In a design document it states: “The proposed restaurant space and shared yoga space above will provide employment for kitchen staff, waiters, bar staff, cleaners, yoga instructors and management for both entities. Considering the location of these establishments it is thought that both would operate year round as they would not rely solely on summer Holliday trade. This would mean that employment would be year round and not solely seasonal.”
The site is also on the entrance area for the disused funicular railway lift. The cliff railway was built in 1910 by Messrs R Waygood and Co and was the second steepest and shortest cliff railway in Britain. It has been out of service since the early 1990s after a storm led to the destruction of the original roof upon the promenade housing, allowing water into the electrical equipment below.
The planning documents state: “The disused shelter and derelict Funicular station are considered non designated heritage assets. While it is understood that these structures are considered to have architectural value, it should be considered that the shelter is structurally unsound as the brick retaining wall has broken and is pushing the cast iron posts over. There is also a severe lean to this retaining wall.
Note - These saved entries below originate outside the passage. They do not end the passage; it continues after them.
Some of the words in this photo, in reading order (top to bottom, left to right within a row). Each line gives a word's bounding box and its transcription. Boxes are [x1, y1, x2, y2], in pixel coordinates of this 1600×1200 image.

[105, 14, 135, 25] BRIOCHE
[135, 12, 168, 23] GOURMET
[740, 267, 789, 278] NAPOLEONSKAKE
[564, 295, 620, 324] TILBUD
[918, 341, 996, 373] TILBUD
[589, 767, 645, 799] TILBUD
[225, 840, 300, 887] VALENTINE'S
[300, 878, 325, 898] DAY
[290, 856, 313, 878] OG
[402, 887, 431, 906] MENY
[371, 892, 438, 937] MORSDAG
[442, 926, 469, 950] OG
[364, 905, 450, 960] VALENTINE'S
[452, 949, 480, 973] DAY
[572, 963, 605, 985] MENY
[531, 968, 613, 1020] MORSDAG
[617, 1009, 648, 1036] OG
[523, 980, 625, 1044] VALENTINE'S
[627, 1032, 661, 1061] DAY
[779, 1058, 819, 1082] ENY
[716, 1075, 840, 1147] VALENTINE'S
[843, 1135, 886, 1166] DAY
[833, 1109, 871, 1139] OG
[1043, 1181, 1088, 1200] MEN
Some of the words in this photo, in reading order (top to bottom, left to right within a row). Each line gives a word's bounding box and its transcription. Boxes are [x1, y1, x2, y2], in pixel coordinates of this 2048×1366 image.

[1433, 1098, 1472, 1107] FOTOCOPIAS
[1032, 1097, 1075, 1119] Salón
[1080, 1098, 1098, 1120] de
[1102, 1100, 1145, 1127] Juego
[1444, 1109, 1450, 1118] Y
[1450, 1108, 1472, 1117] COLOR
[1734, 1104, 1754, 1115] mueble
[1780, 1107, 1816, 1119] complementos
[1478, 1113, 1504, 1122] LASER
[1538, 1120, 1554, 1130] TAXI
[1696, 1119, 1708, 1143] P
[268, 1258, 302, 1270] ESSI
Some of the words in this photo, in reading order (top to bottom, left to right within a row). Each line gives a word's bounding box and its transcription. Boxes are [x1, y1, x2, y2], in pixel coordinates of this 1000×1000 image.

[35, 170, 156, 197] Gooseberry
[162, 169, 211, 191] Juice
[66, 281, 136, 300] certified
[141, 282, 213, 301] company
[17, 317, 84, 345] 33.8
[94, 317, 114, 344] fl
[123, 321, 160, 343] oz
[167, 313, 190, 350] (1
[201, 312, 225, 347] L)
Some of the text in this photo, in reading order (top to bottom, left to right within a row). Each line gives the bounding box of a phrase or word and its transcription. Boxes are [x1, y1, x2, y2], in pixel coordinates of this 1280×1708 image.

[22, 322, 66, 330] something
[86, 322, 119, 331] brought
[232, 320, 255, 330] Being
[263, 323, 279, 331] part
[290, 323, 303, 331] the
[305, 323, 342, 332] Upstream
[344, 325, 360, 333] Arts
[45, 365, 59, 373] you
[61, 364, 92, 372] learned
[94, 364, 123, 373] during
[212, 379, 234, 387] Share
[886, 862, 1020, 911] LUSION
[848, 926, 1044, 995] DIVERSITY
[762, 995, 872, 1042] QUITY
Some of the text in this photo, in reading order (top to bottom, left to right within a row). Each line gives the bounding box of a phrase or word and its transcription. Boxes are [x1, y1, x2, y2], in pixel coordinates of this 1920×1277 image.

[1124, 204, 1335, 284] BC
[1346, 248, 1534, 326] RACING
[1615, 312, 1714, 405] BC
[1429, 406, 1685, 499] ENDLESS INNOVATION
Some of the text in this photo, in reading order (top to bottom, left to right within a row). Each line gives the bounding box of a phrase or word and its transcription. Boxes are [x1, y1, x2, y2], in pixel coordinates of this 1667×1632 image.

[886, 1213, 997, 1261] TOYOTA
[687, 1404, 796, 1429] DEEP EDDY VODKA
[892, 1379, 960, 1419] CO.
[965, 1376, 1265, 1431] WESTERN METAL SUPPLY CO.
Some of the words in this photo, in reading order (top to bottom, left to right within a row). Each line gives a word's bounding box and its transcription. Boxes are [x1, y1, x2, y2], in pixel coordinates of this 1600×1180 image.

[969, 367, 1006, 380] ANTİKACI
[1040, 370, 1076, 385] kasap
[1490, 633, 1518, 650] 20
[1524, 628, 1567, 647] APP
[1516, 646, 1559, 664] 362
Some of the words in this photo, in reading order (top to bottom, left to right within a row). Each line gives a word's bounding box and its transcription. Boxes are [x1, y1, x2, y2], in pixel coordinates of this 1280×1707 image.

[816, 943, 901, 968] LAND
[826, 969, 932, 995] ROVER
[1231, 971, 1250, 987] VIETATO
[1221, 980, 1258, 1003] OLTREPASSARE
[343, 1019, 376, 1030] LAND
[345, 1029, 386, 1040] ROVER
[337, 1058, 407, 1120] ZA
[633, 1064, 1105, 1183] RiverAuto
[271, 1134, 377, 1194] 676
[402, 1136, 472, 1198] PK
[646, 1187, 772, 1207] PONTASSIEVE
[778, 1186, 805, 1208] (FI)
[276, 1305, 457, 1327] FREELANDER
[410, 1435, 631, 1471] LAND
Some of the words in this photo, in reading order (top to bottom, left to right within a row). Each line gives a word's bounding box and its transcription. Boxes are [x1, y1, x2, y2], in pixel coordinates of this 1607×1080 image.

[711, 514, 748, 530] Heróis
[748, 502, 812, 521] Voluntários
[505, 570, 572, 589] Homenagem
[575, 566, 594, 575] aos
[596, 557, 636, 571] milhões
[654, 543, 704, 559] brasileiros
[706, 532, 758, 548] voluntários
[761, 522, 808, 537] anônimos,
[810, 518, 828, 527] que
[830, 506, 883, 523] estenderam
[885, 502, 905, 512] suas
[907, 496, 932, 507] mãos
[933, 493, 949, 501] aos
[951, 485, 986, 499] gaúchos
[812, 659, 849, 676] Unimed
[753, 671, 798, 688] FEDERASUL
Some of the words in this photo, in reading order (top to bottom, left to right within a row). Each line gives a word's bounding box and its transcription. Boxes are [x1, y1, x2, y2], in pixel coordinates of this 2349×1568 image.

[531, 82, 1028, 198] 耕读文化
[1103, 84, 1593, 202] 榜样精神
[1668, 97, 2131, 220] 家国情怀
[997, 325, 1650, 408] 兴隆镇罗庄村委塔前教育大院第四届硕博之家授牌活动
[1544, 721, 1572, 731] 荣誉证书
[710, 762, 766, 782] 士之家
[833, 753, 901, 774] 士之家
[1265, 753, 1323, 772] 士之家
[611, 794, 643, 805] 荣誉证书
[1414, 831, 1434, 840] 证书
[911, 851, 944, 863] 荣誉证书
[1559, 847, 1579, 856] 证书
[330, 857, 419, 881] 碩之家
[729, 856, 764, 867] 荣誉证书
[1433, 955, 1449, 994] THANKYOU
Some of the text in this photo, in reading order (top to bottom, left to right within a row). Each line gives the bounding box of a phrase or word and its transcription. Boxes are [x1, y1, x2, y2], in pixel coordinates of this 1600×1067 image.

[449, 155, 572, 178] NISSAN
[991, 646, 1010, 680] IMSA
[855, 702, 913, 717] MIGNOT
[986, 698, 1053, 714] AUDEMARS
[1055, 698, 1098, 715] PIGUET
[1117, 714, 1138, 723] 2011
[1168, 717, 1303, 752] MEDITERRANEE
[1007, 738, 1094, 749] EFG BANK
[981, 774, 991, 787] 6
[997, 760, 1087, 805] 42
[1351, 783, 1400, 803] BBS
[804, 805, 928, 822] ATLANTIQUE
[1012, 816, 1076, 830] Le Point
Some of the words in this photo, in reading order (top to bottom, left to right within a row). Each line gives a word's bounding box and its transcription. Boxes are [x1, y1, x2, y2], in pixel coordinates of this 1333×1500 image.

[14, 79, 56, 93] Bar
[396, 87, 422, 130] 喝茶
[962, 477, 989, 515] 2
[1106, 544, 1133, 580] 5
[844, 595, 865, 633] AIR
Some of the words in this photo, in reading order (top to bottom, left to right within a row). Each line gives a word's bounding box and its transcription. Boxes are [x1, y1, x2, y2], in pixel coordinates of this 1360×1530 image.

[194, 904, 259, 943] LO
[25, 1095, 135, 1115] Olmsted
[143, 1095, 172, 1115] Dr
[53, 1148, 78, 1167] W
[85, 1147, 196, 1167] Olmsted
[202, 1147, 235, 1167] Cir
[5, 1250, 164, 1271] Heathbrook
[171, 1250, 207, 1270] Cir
“Both these factors mean that this structure is not fit for any use and should be replaced with a structure which utilises the salvageable parts in a way that enables them to be preserved. As it stands there is the possibility that this structure could collapse which may damage the cast iron posts rendering them useless and lost for good.”
The document states the development aims to preserve the elements of the existing structure which have architectural value and are salvageable.
Mr Van Oortmerssen adds: “Our proposal will enhance Viking Bay’s reputation by replacing the eyesore of a site with a carefully designed space that would become a destination for visitors.”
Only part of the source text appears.